Historia: Venezuela, la ciudad contra el campo

Lo más grande, lo más noble, lo más civilizador que tiene el movimiento grandioso de la llamada Solidaridad venezolana es que ha sido la ciudad, Caracas, constituyéndose en conciencia directora de Venezuela toda. Ha sido la civilización de Venezuela, tomando el vocablo civilización en su estricto sentido, en el sentido de hacer a un pueblo civil, ciudadano, dotado de espíritu de ciudad.

Nuestros defectos, los que llaman los demás nuestros defectos, suelen ser la raíz de nuestras preminencias; los que se nos motejan como nuestros vicios, el fundamento de nuestras virtudes.

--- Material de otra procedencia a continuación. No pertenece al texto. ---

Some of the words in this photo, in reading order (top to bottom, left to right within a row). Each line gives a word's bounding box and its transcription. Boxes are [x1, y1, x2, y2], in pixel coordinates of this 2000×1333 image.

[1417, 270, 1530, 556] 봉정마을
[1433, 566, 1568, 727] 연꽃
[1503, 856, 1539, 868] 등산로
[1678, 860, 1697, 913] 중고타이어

—La ciudad contra el campo: tal es la lucha. Las ciudades venezolanas viven en la Edad Moderna, mientras el campo vive en la Edad Media.

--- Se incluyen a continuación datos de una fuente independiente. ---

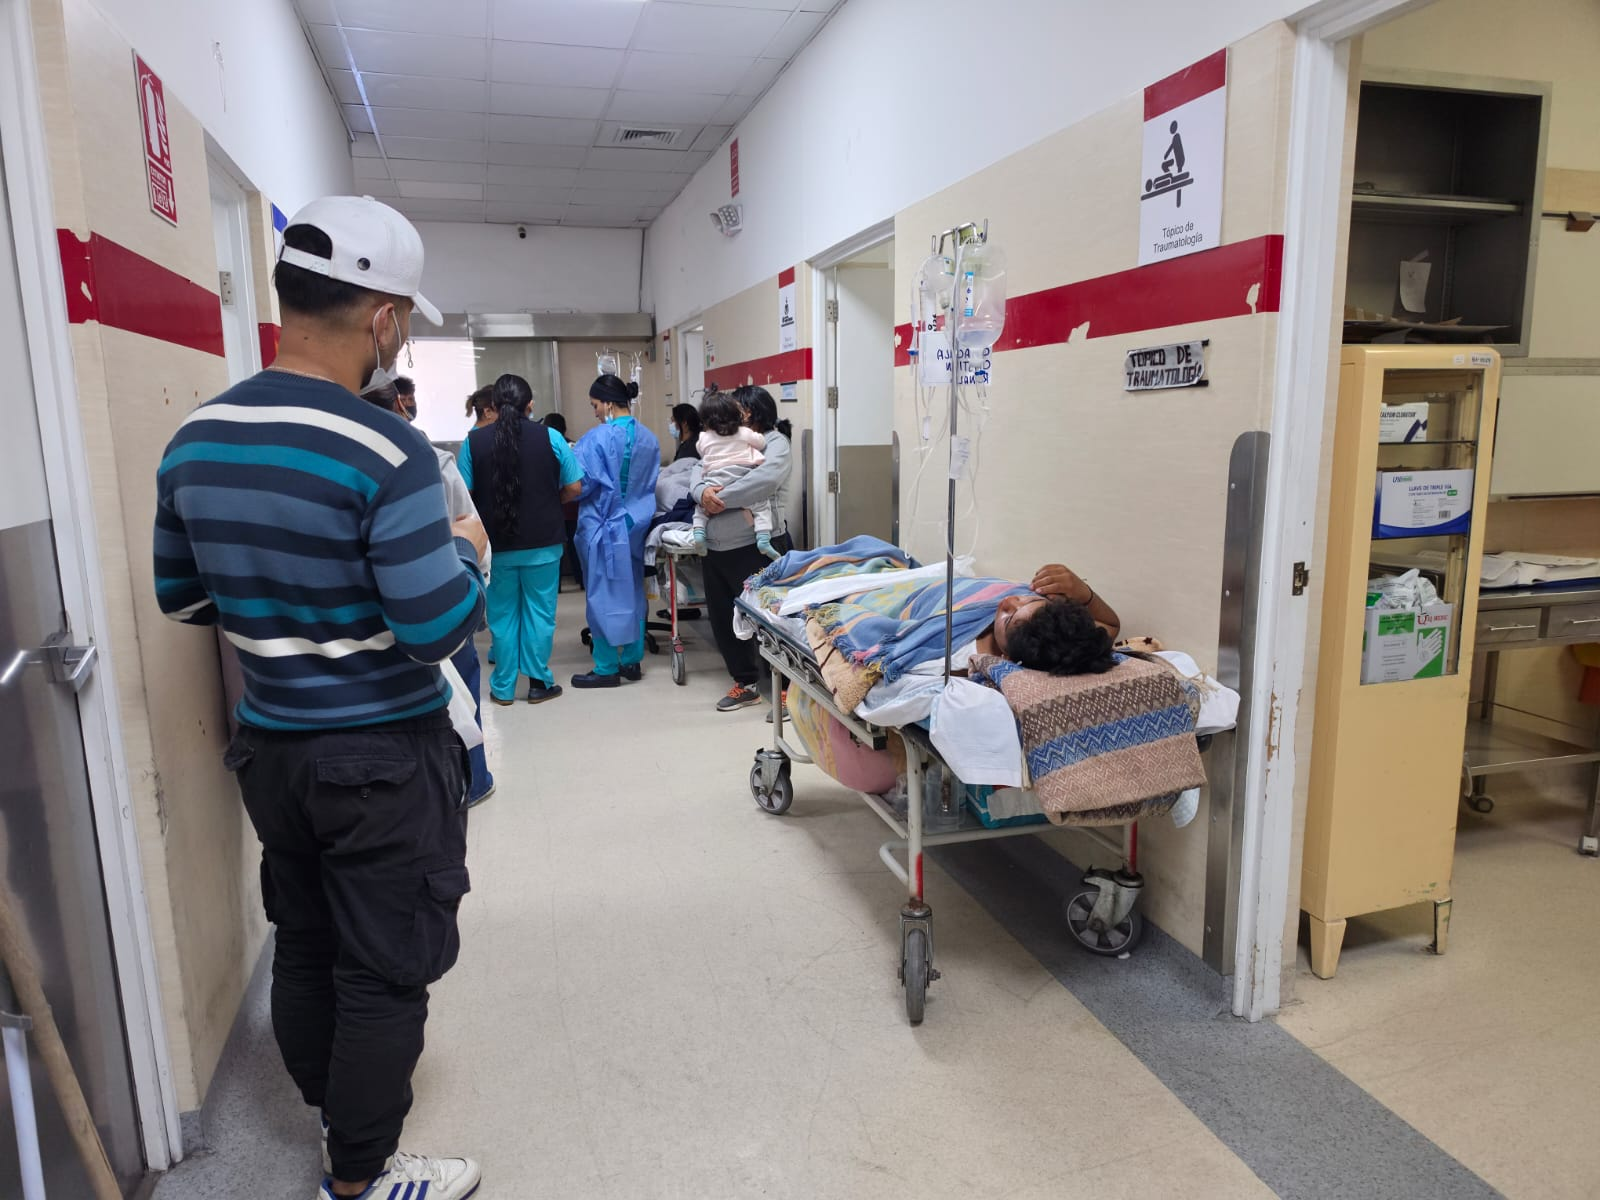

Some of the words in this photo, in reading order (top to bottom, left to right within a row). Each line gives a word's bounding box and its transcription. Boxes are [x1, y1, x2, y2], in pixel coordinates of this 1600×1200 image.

Aquí, en esta ciudad de Los Teques, día de las elecciones, un espectáculo noble y consolador. Luchaba un socialista, aunque tibio y receloso, pero socialista al cabo, contra un fanático que se presentaba como ultra-derecha. Este, que goza de regular fortuna, pagaba los votos e iba a comprar el acta. Y aquí, en la ciudad, que es una ciudad socialista, y por lo que hace a las clases populares, radical, obtuvo el socialista una gran mayoría sobre el comprador de conciencias.

Las ciudades, envían una minoría de gente algo más enérgica, y más despierta, más inquietadora; pero se ha hecho de moda el fingir desdén a éstos, teniéndolos por unos bullangueros y charlatanes. Toda esa masa de representantes a que no comprenden el valor de la pura agitación, y se indignan de quien no les deja hacer la digestión con sosiego o les obliga a no abandonar su servil puesto.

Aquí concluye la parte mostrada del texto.